[Records contained in a dataset]
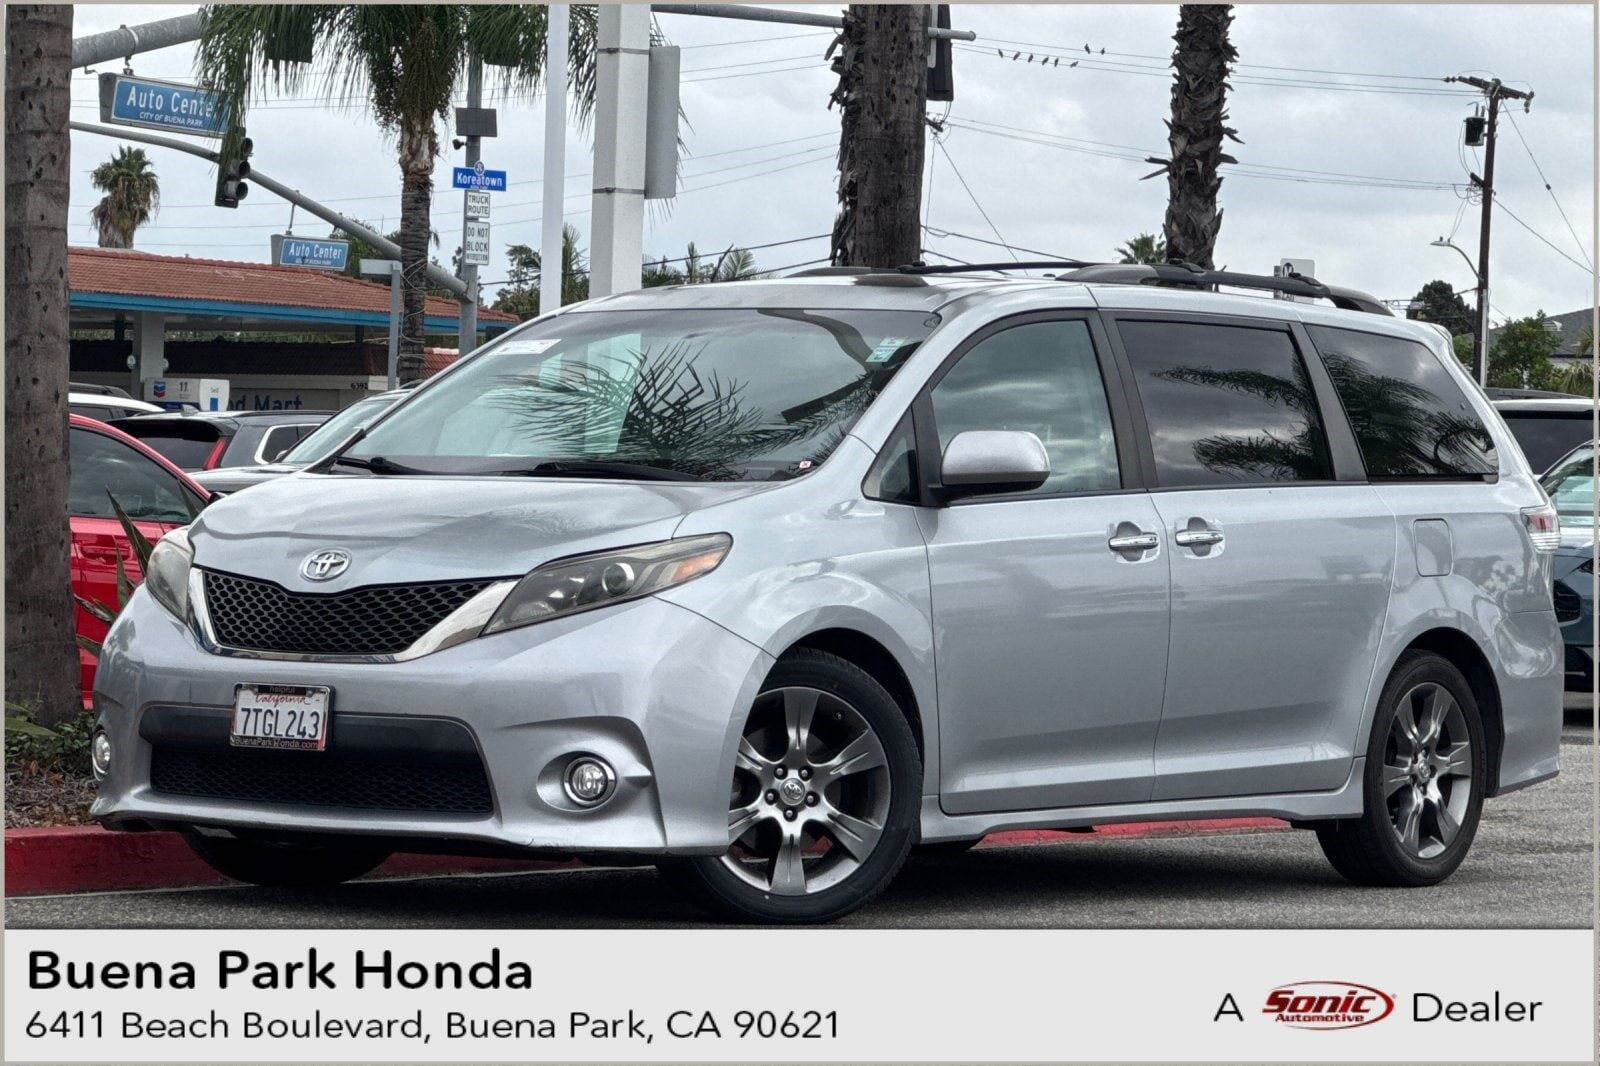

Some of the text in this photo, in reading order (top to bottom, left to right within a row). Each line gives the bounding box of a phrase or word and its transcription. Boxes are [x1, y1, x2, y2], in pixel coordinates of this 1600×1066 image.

[126, 86, 217, 119] Auto Cente
[139, 111, 203, 127] CITY OF BUENA PARK
[456, 172, 503, 187] Koreatown
[468, 194, 489, 205] TRUCK
[467, 205, 489, 215] ROUTE
[467, 226, 488, 238] DO NOT
[288, 242, 342, 259] Auto Center
[466, 240, 488, 252] BLOCK
[179, 382, 188, 392] 11
[254, 395, 302, 411] Mart
[241, 707, 320, 739] 7TGL243
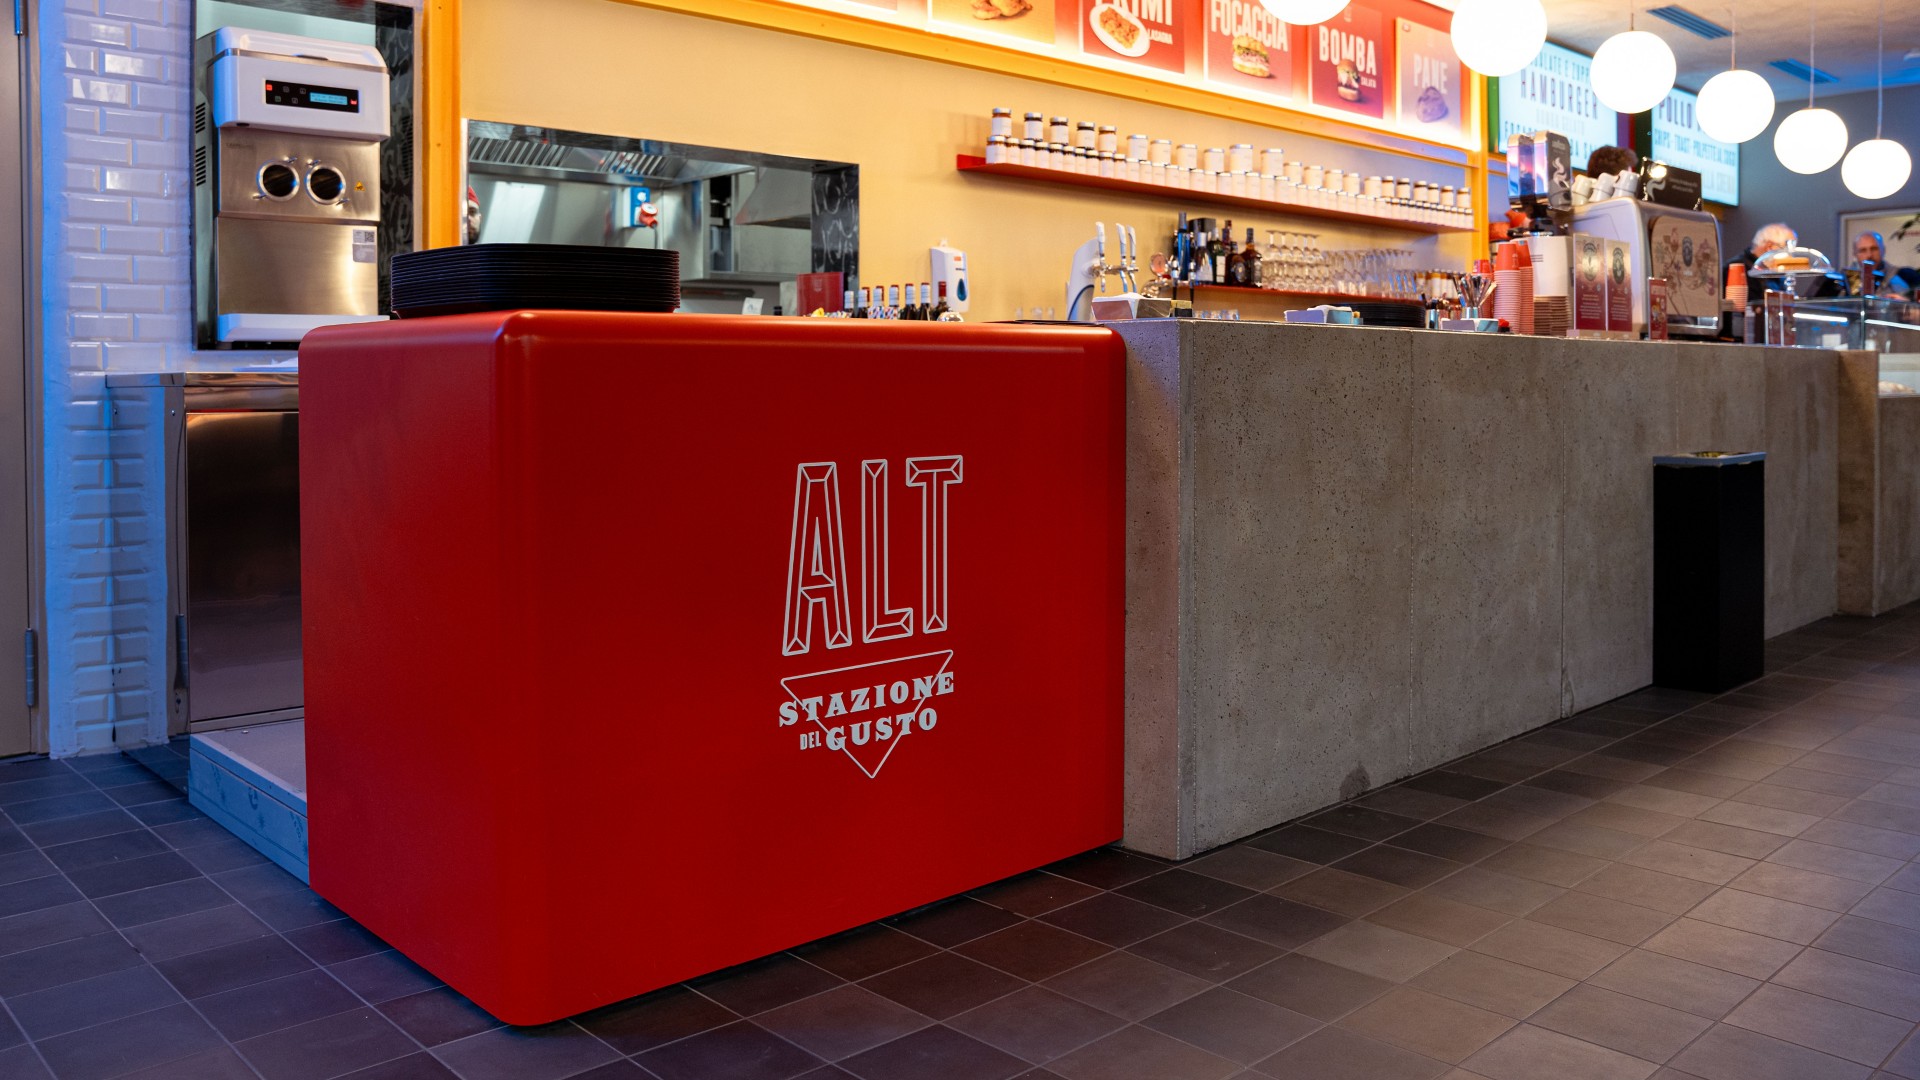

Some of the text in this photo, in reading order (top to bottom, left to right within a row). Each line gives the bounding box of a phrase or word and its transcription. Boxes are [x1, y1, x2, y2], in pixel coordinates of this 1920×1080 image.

[1095, 0, 1172, 26] IMI
[1211, 0, 1288, 52] FOCACCIA
[1319, 25, 1377, 76] BOMBA
[1413, 54, 1448, 95] PANE
[1520, 68, 1598, 120] HAMBURGER
[1659, 95, 1692, 130] POLLO
[782, 455, 963, 656] ALT
[779, 671, 955, 727] STAZIONE
[800, 708, 937, 750] DEL GUSTO
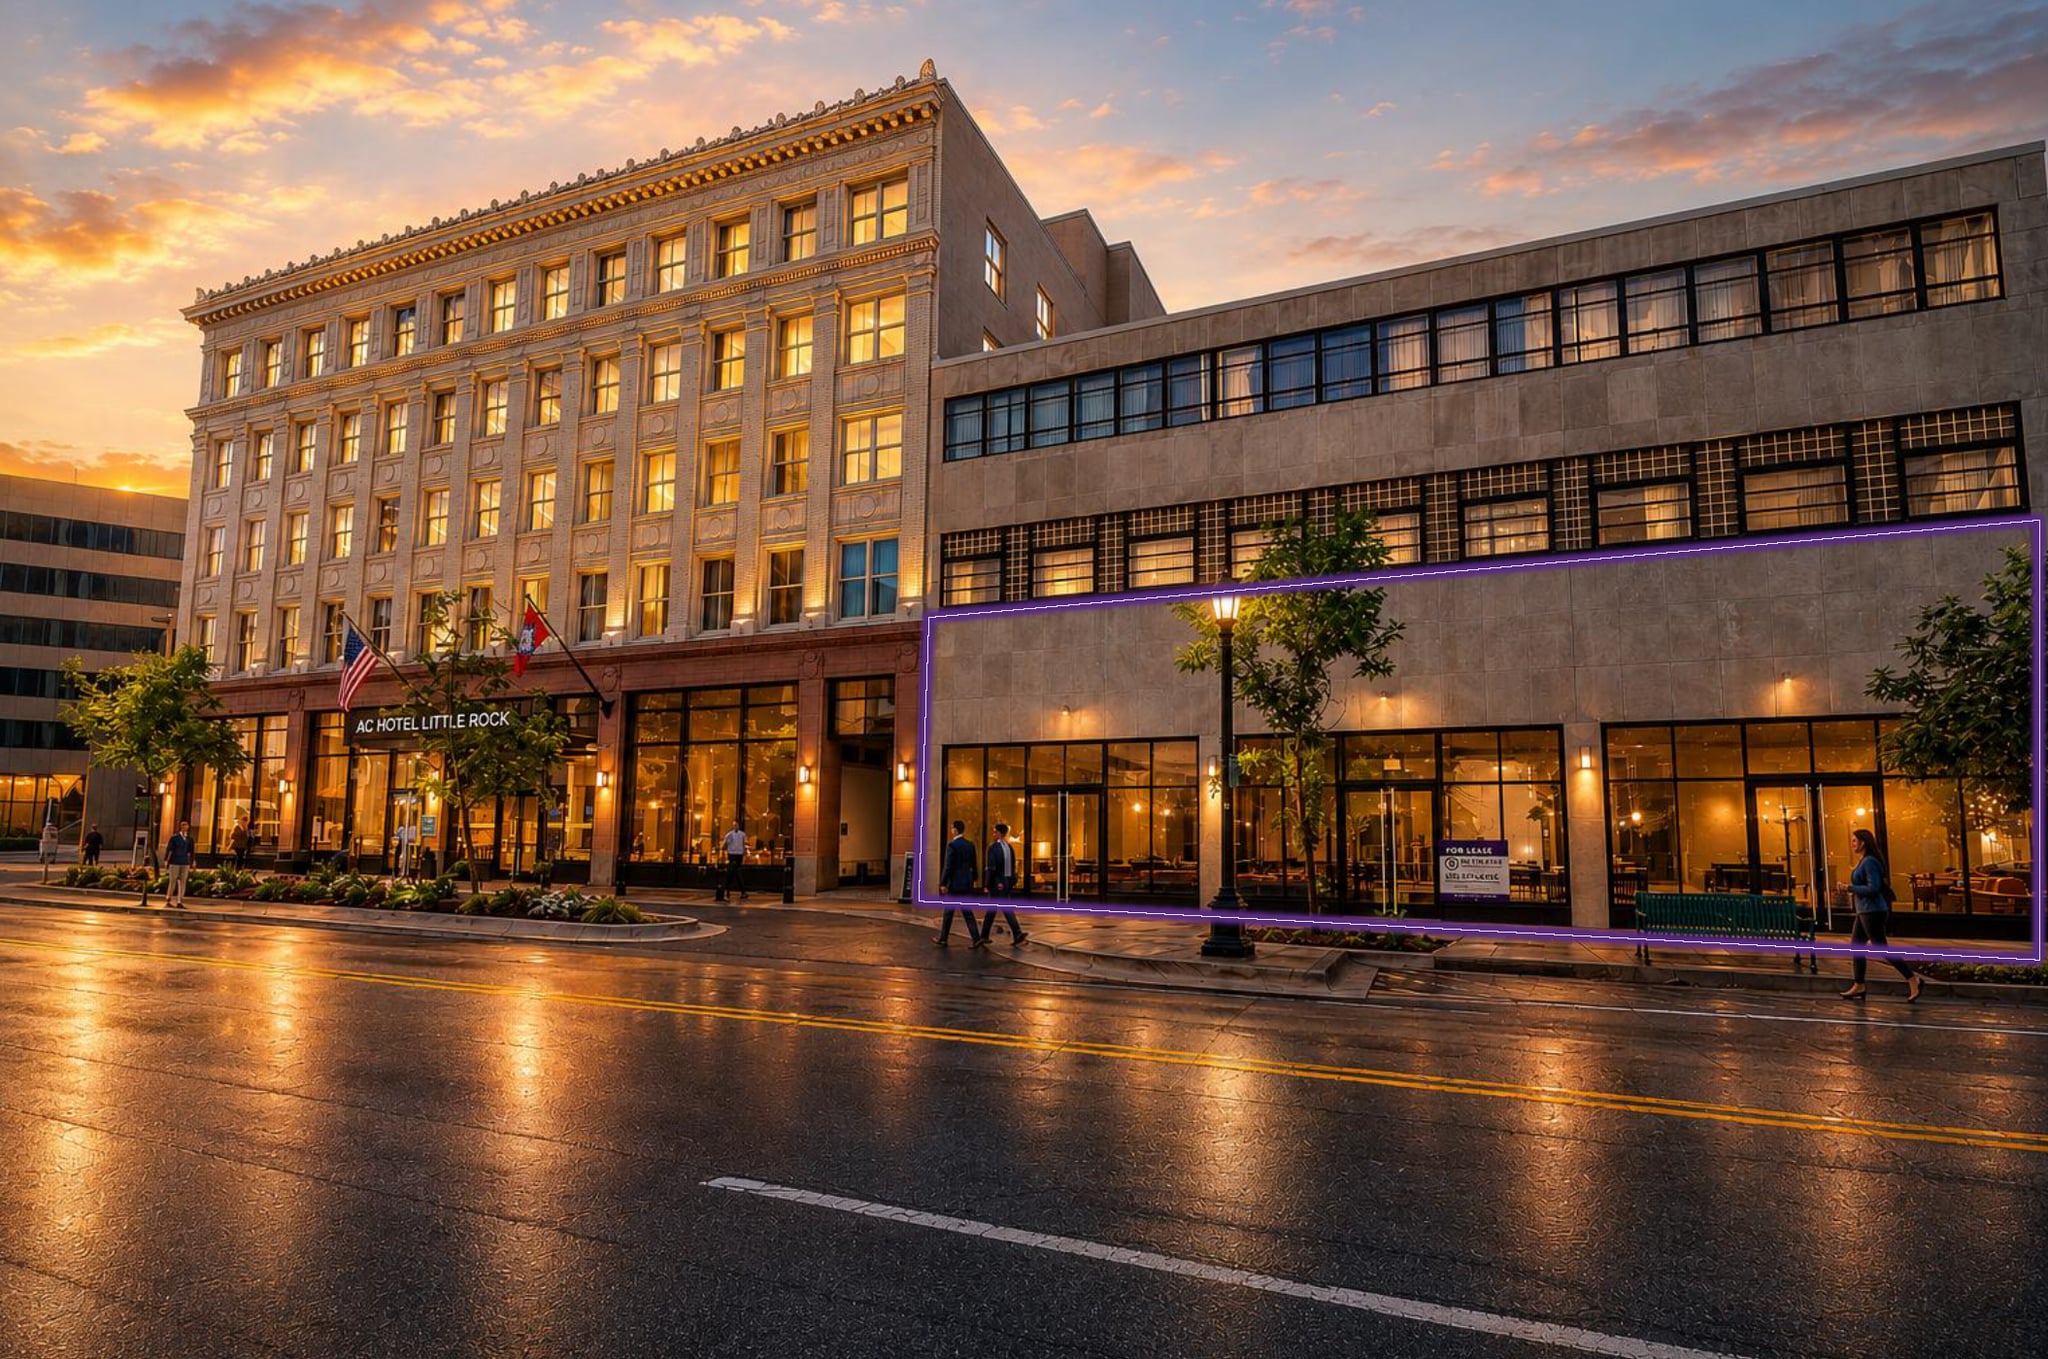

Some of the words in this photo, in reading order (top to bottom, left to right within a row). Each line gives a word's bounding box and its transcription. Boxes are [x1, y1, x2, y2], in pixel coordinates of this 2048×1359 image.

▶ **WORK REQUIRED**
Above are the records; set down exactly the lines from the line containing "this 1920×1080 image." through their last line, leaving every picture out.

▶ **OUTPUT OF THE EXERCISE**
Some of the text in this photo, in reading order (top to bottom, left to right within a row). Each line gives the bounding box of a phrase or word and its transcription. Boxes are [x1, y1, x2, y2], in pixel coordinates of this 1920×1080 image.

[1095, 0, 1172, 26] IMI
[1211, 0, 1288, 52] FOCACCIA
[1319, 25, 1377, 76] BOMBA
[1413, 54, 1448, 95] PANE
[1520, 68, 1598, 120] HAMBURGER
[1659, 95, 1692, 130] POLLO
[782, 455, 963, 656] ALT
[779, 671, 955, 727] STAZIONE
[800, 708, 937, 750] DEL GUSTO

Some of the words in this photo, in reading order (top to bottom, left to right within a row). Each line gives a word's bounding box and its transcription. Boxes are [x1, y1, x2, y2], in pixel coordinates of this 2048×1359 image.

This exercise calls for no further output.